Wednesday, December 31, 2014

year in review. . . .

I just can't believe that it is the last day of the year! As we get older it seems to fly by way too fast!!  Just like everyone else, it has been a busy one. 

2014 was the year of planning.  Planning Jessica and Gabe's wedding set for May 9, 2015.  Busy as it was, Michele and Nick ALSO got engaged. Yes! Both our babies will be getting married in 2015.  We are soooooo excited!  Michele and Nick is thinking September, but would like to get the venue and everything booked before we say the date out loud.  (Remember the problem with Jessica and Gabe's?  We had to change the date 5 times!!) To say that maybe 2015 will be even busier that 2014 for the Ummel's is a understatement!

Our niece Courtney will be graduating from High School the weekend after Jessica's wedding.  And then another niece Taylor will be getting married June 27th.  Busy year for my parents.  Three granddaughters getting married and one high school graduation in 5 months. Whew!

Michele and Nick bought their first home in May. :)

Roger is still driving his truck :-) And I am working two days a week at the hospital now.  The other days trying to rest and keep my RA in order.  (darn thing!)

Jorge and Luke are still our little's around here.  We also welcomed "Boo" into our home in October.  She is a little feisty, but will be getting spayed and de-clawed next week.  Babies!! I'm sure she will still be "booing" us, but hopefully this helps with her liking to use those claws on us.  

Here's to a wonderful 2014 and a great 2015 to come!
Happy New Year!!

Friday, December 26, 2014

Happy Birthday to this guy. . . . . . . .

Couldn't ask for a more supportive person to share my life with.

Think I'll keep him around.

Thursday, December 25, 2014

Saturday, December 13, 2014

That two year old I was talking about. . . . . . ya. . . . .

Friday, December 5, 2014

Boo. . . . . .


The newest member of the Ummel family is now 3 months old and has grown leaps and bounds.  She has doubled in size and grown the biggest personality!!  She wants to play when SHE want to play.  And she wants to snuggle when SHE wants to snuggle.  As Roger says, she think I am her Mama.  So she plays with him and she comes to me when she is tired.  And when she is tired she wants her paws held.  Silly girl.

We couldn't have picked a better name!  Her favorite thing. . . . to jump out from nowhere and scare you.  I feel like most the time I have a two year old hanging onto my leg as I am walking thru the house.

Monday, December 1, 2014

Sunday, November 30, 2014

Thanksgiving 2. . . . .

Even thou we were able to go to Topeka and celebrate Thanksgiving with our girls, Jessica was able to come home on Wednesday afternoon and spend a few days with us for the holiday.  It was so nice to have her home.  
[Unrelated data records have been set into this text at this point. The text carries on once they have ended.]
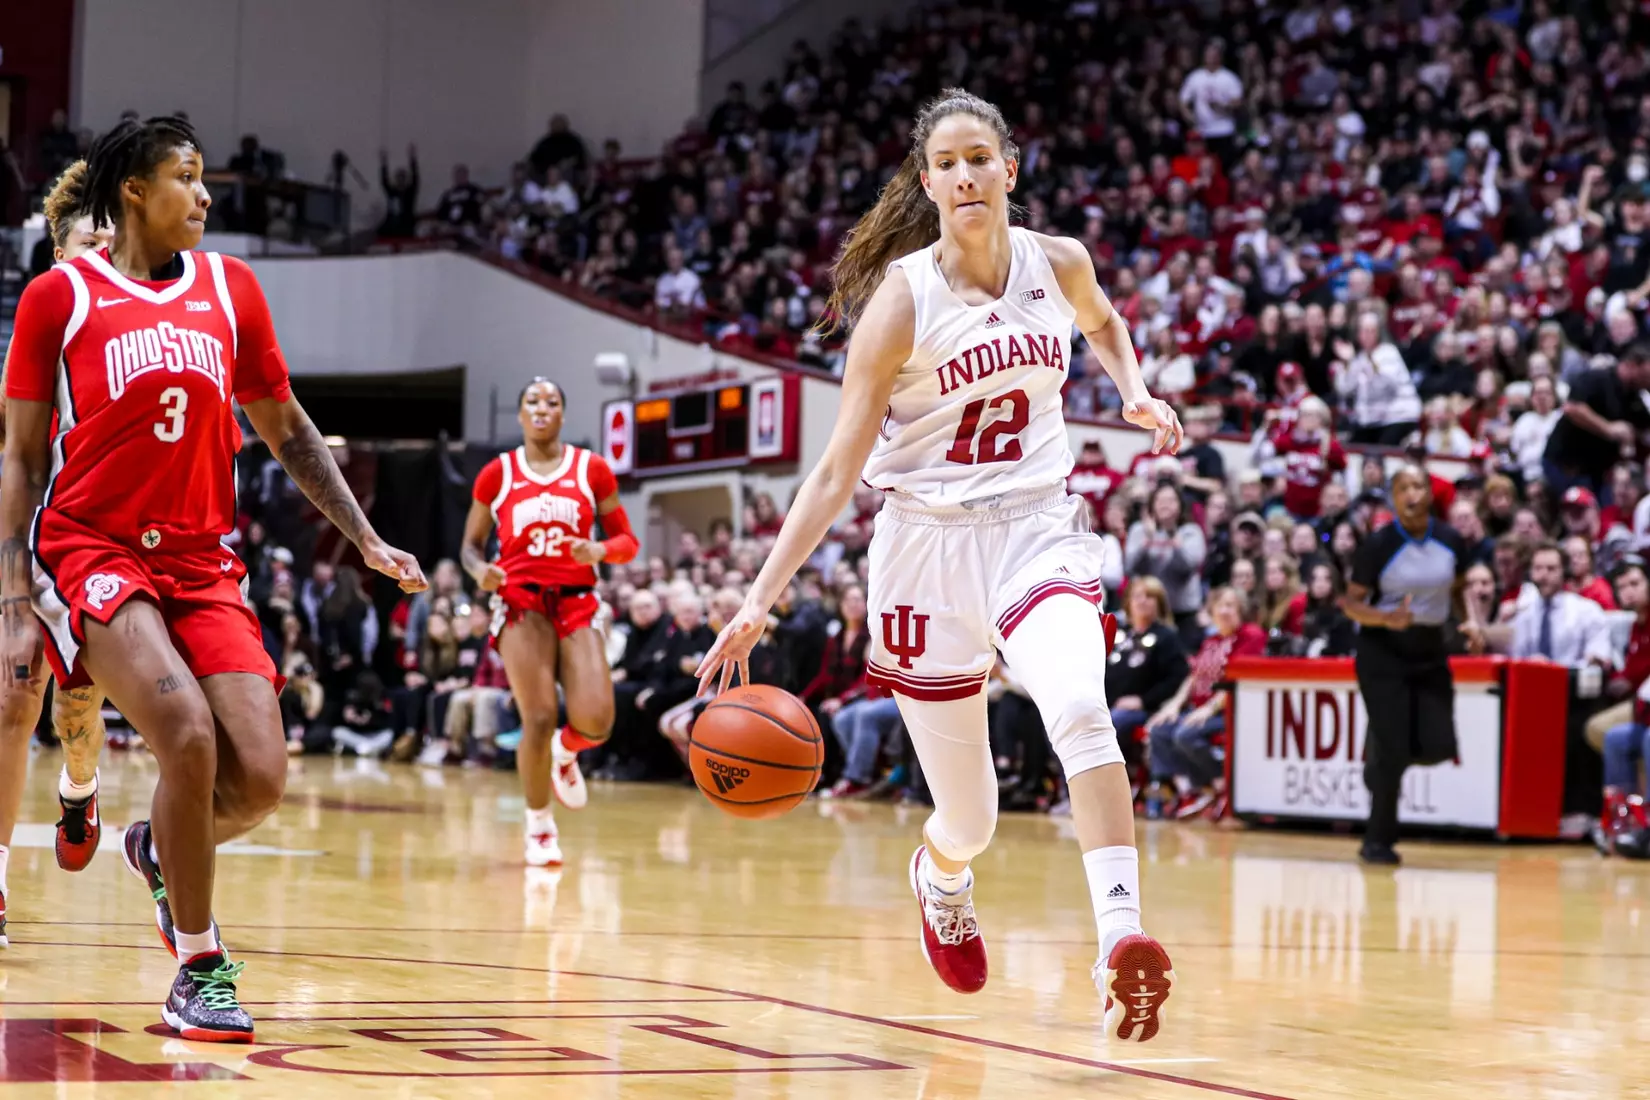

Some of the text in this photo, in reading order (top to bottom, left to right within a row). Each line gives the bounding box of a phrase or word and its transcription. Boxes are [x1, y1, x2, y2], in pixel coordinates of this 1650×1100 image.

[985, 320, 1006, 330] adidas
[936, 333, 1065, 396] INDIANA
[153, 387, 189, 443] 3
[945, 388, 1030, 465] 12
[527, 526, 564, 557] 32
[706, 758, 751, 779] adidas
[1284, 764, 1440, 814] BASKELL
On Thursday we spent most of the day in Bison with Grandma and Grandpa Kaler.  Grandpa and Courtney cooked a grand Thanksgiving dinner as Grandma is still healing from her back surgery.  The meal was grand enough that we had to get our naps in before Roger, Jessica and I headed out for round one of Black Friday.  Which isn't really isn't Black Friday when it starts on Thanksgiving evening.  No I don't believe they should start those sales on the Thanksgiving holiday.  But yes we wanted that tv for Jessica and Gabe's Christmas present.  So, yes we were in that line.


And yes, so was everyone else.  You really can't tell in this picture, but this line was seven lines deep in front of us.  And I don't even know how many lines behind us. Two isles long wound from the fabric department, thru the crafts, in front of the service department and into the shoes.  Sure makes you wonder how many of those tv's they had because there were a LOT of people waiting for just that tv. 
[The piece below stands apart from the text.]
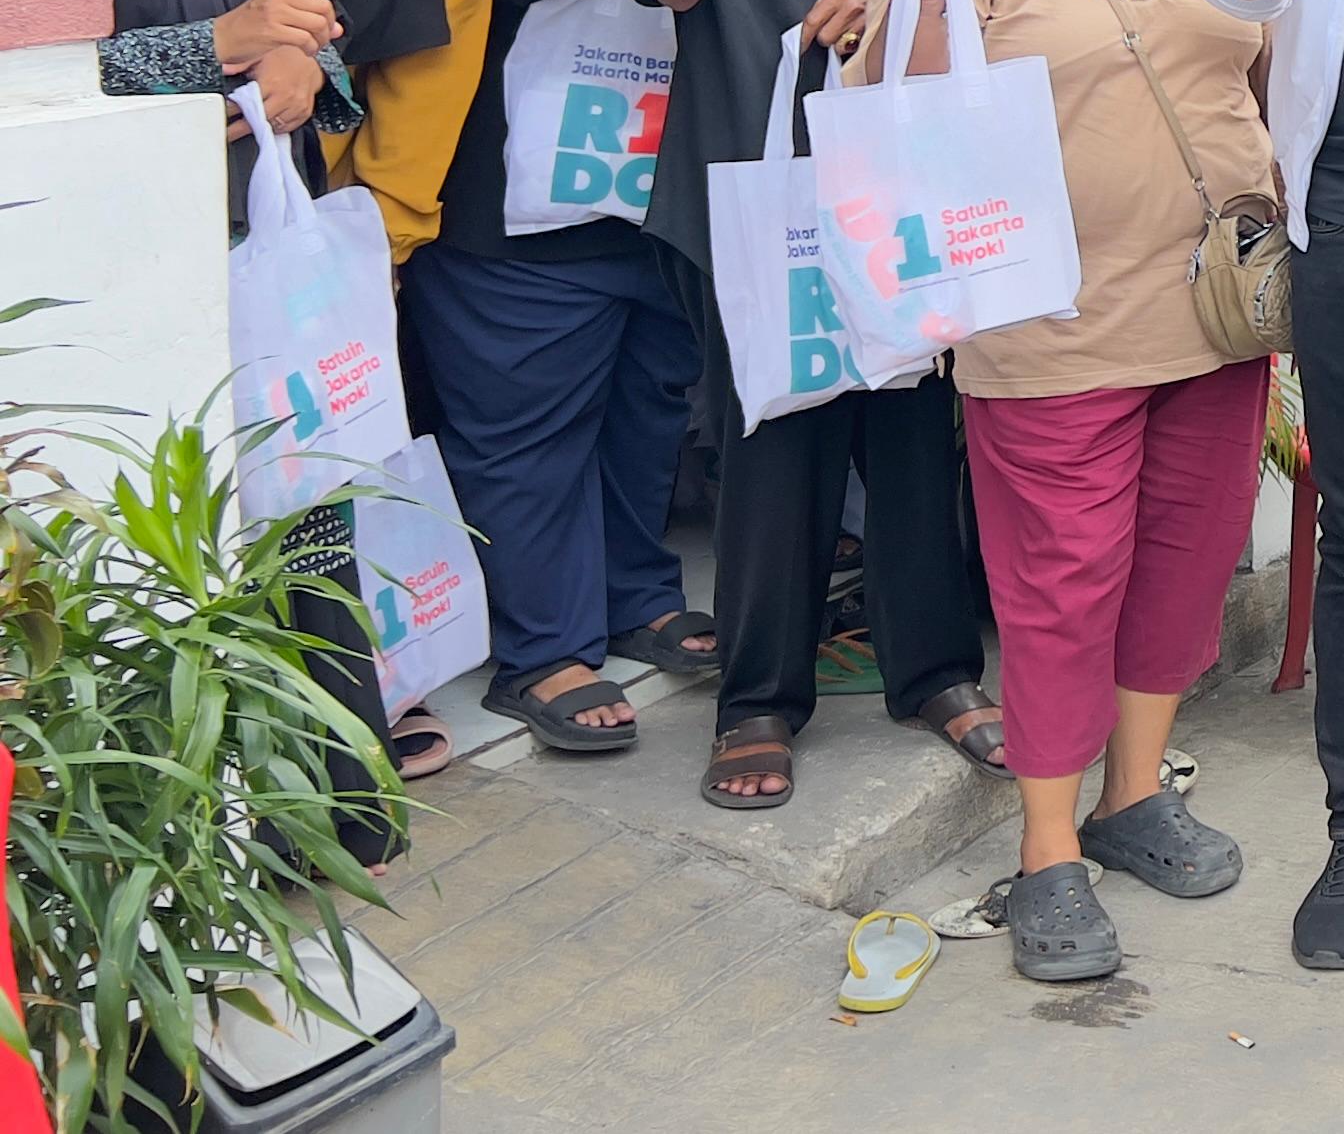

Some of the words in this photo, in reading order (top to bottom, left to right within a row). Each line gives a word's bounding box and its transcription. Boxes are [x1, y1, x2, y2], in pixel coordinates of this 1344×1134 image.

Roger chose to just wait in the vehicle.  :-))

Round 2 was 5am Friday morning.  Nothing big.  We just wondered and then had breakfast at IHop.  We did find some really good sales.  Then homeward bound for a nap. 

Saturday we went into WaKeeney for the Holiday Bazaar and then to pick up toilet parts.  Of course our septic line would plug up.  And we have taught our girls well!  They are not afraid to get down and dirty.  After Roger got home from work, Jessica and him "played" and found the plug.
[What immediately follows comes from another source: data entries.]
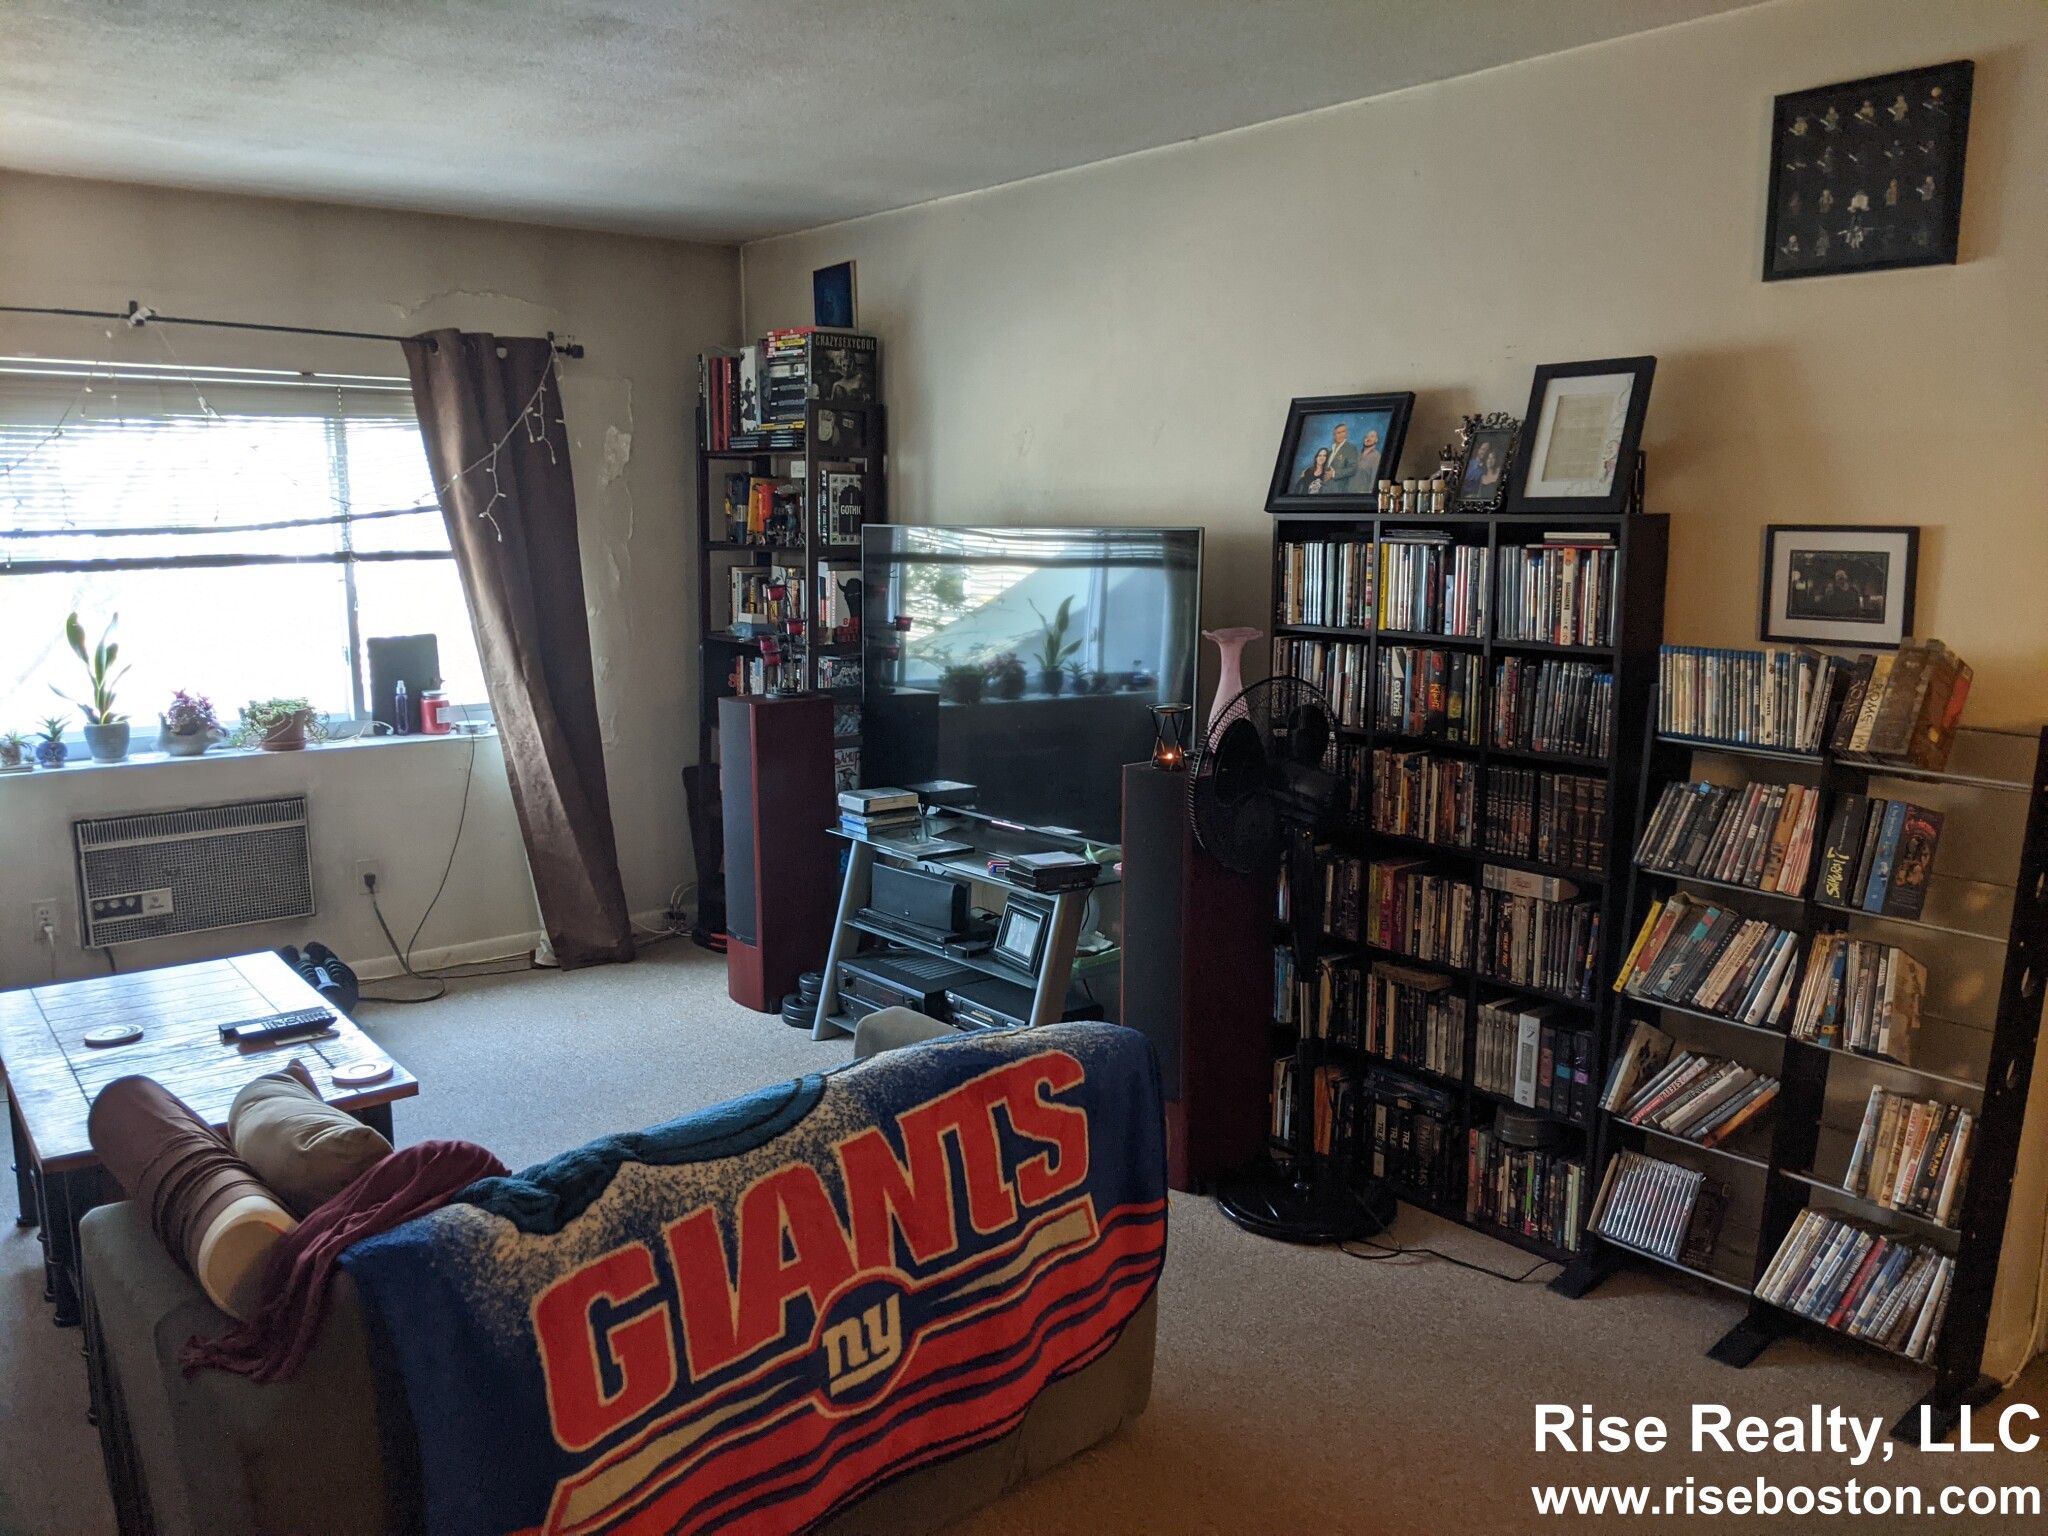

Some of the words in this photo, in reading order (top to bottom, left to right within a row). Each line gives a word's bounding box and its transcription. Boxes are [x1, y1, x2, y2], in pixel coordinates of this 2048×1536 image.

[815, 334, 875, 351] CRAZYSEXYCOOL
[1391, 680, 1402, 716] extras
[1860, 681, 1883, 723] ROME
[1927, 1131, 1949, 1177] HOMELAND
[530, 1050, 1090, 1452] GIANTS
And of course Jorge had to get in some snuggles with Jessica while she was home. :-)


Tomorrow is Cyber Monday.  Are you shopping??

Thursday, November 27, 2014

Tuesday, November 25, 2014

THaNksGIVinG #1 . . . .

This last weekend Roger, Glada and I made a quick trip to Topeka for a Thanksgiving meal at Michele and Nicks.  We were there pretty bright and early as we left our house a little after 6am.  Let's just say there was a lot of food! Yum. Yum. Talk about getting our tummies full!! Everyone who came brought delicious food.  Nick's family was there.  Jessica, Gabe and Gabe's Mom, Lena was there too.  It is so nice to be able to all celebrate together.

We were on our way home and we got a phone call from our Michele.  She called to tell us some great news.  Nick had asked her to marry him! (We knew it was coming.  Nick had asked Roger for his blessing while we were there.)  This is just sooooo exciting!  Both our babies getting married! 

Gosh they grow up fast!!!


My Mom and Dad have 6 grandchildren. In 2015 three will be getting married and one will be graduating from high school.  Wow! Party!!

Saturday, November 15, 2014

Jessica & Gabe. . . . .

 Jessica and Gabe recently got their engagement pictures taken.  My goodness the time is going fast.  It is hard to believe that their wedding is in just about 6 months!! 







Wednesday, November 12, 2014

ba. . . ba. . . . back. . . .

A few weeks ago my Mom had major back surgery.  Lets just say there were complications and we were taking turns staying with her.  She is now home and MUCH better now.  Thank goodness.  We don't want to do that again!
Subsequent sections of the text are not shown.